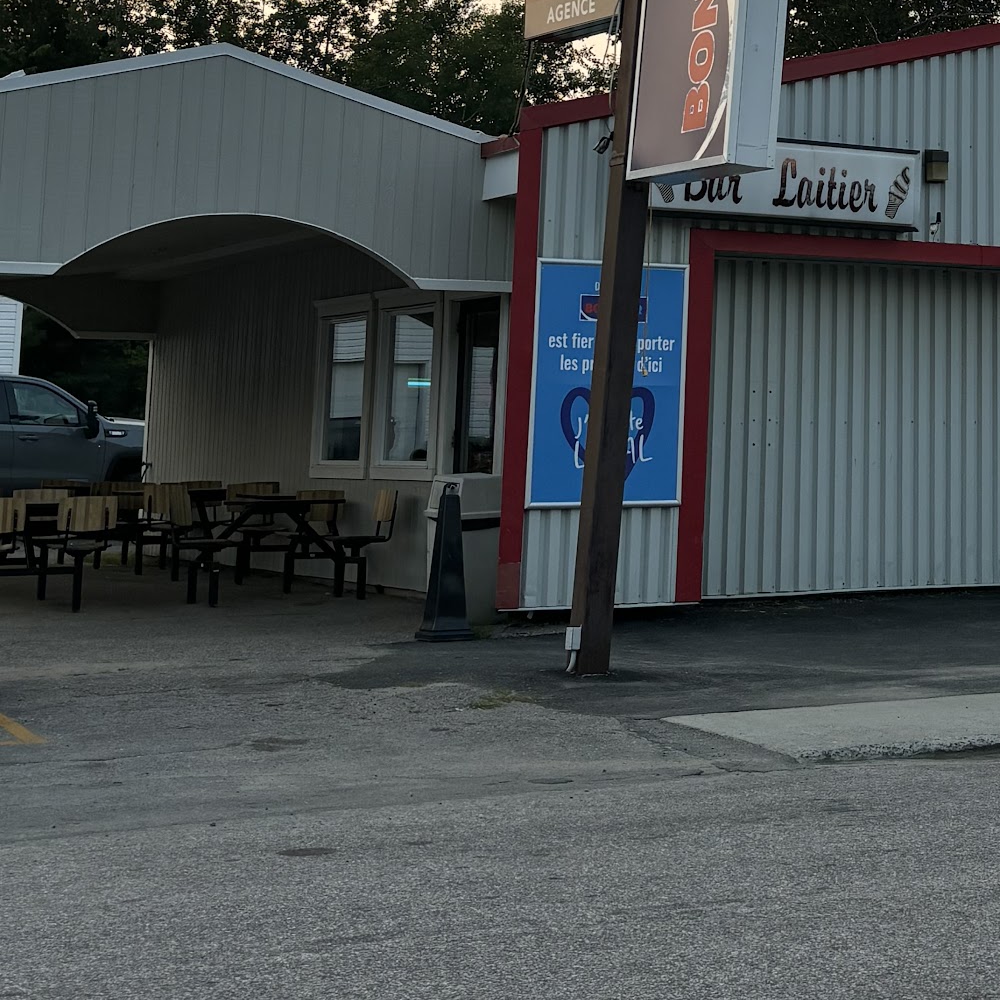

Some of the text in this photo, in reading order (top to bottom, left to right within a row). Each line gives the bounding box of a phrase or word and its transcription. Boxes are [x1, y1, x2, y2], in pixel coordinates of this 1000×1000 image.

[772, 157, 878, 213] Laitier
[548, 333, 568, 349] est
[571, 333, 595, 350] fier
[559, 354, 579, 372] les
= = = =
Render the records above word for word and leave the pictures out.

** THE ANSWER **
Some of the text in this photo, in reading order (top to bottom, left to right within a row). Each line gives the bounding box of a phrase or word and its transcription. Boxes are [x1, y1, x2, y2], in pixel coordinates of this 1000×1000 image.

[772, 157, 878, 213] Laitier
[548, 333, 568, 349] est
[571, 333, 595, 350] fier
[559, 354, 579, 372] les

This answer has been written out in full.